_Work to be completed_.
Pick out every line in the data below that holds "JAMES".

++++++++

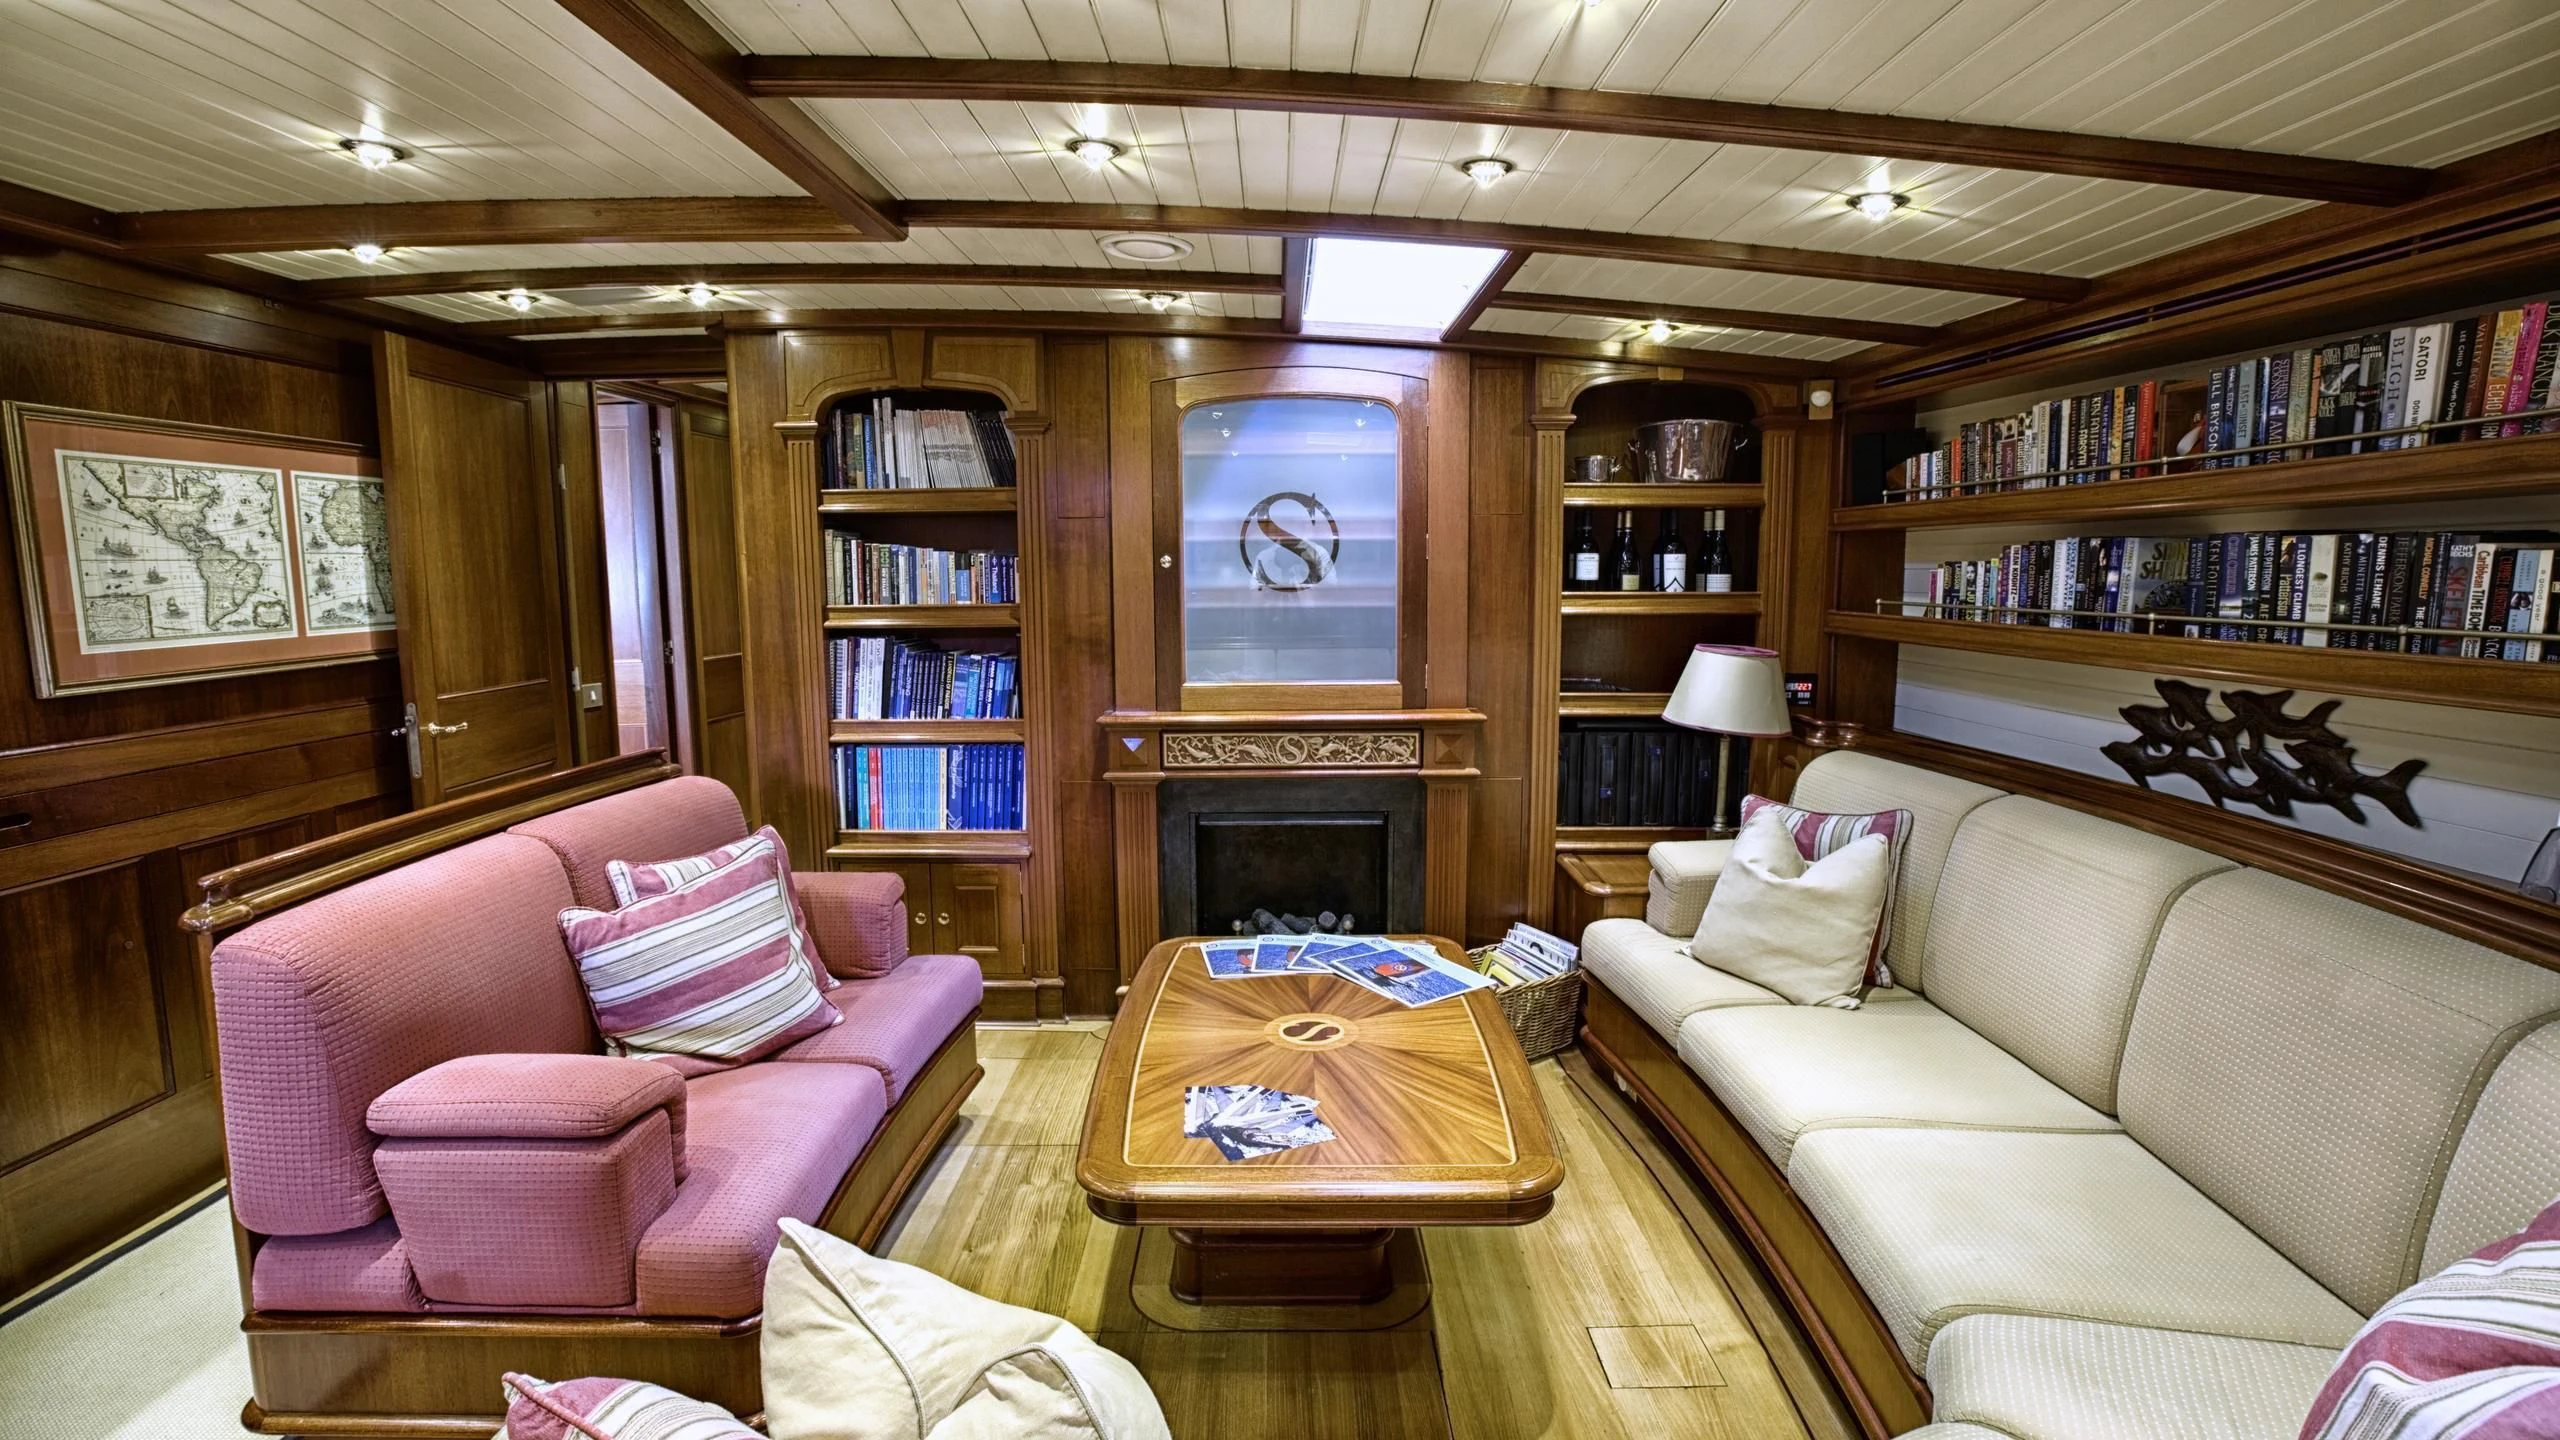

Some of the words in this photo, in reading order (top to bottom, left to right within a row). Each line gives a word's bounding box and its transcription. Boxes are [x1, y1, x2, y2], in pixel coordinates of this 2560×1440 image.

[2459, 331, 2467, 342] LEE
[2546, 305, 2560, 339] DICK
[2415, 336, 2431, 381] SATORI
[2456, 345, 2465, 367] CHILD
[2472, 324, 2487, 364] VALLEY
[2270, 360, 2282, 400] COONTS
[2278, 359, 2290, 398] STEPHEN
[2388, 336, 2405, 401] BLIGH
[2468, 368, 2479, 390] BOY
[2530, 344, 2560, 399] FRANCIS
[2211, 372, 2222, 398] BILL
[2450, 381, 2460, 401] Worth
[2485, 384, 2506, 410] ECHO
[2507, 385, 2522, 411] olivia
[2091, 397, 2101, 415] KEN
[2225, 392, 2234, 416] EDDY
[2412, 400, 2420, 416] DON
[2445, 403, 2456, 421] Dying
[2089, 418, 2100, 457] FOLLETT
[2208, 403, 2220, 453] BRYSON
[2077, 428, 2088, 466] FORSYTH
[2069, 542, 2077, 580] VIOLETS
[2209, 540, 2221, 561] KEN
[2249, 537, 2259, 556] JAMES
[2263, 537, 2275, 556] JAMES
[2343, 542, 2352, 565] KATHY
[2375, 536, 2387, 571] DENNIS
[2423, 537, 2434, 566] MICHAEL
[2247, 557, 2257, 591] PATTERSON
[2261, 557, 2273, 591] PATTERSON
[2294, 549, 2306, 590] LONGEST
[2339, 567, 2349, 593] REICHS
[2355, 555, 2368, 591] MINETTE
[2391, 537, 2409, 593] JEFFERSON
[2474, 551, 2490, 588] Caribbean
[2495, 556, 2513, 585] CAMPBELL
[2011, 568, 2019, 595] KOONTZ
[2028, 565, 2036, 596] GRISHAM
[2206, 565, 2219, 608] FOLLETT
[2276, 574, 2292, 616] Patterson
[2371, 573, 2383, 609] LEHANE
[2419, 567, 2430, 599] CONNELLY
[2537, 578, 2545, 600] good
[2258, 603, 2269, 620] ALE
[2292, 592, 2303, 620] CLIMB
[2352, 594, 2363, 625] WALTER
[2416, 606, 2425, 620] THE
[2471, 590, 2485, 610] TIME
[2490, 587, 2507, 623] ARMSTRONG
[2467, 612, 2481, 631] BOM
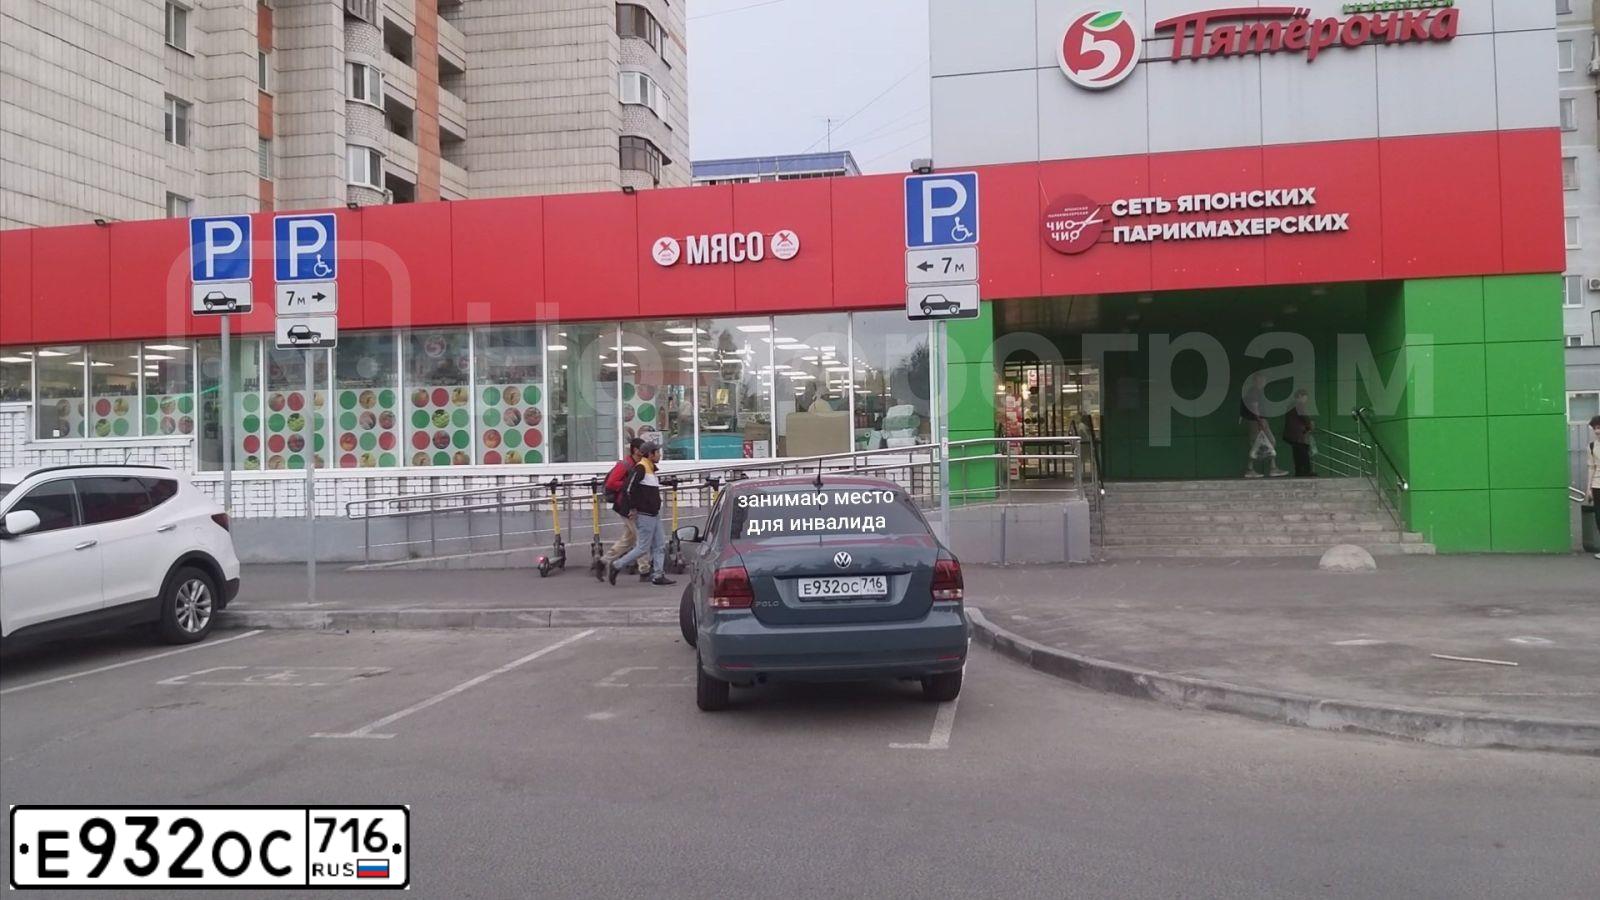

++++++++

_Expected answer_.
[2249, 537, 2259, 556] JAMES
[2263, 537, 2275, 556] JAMES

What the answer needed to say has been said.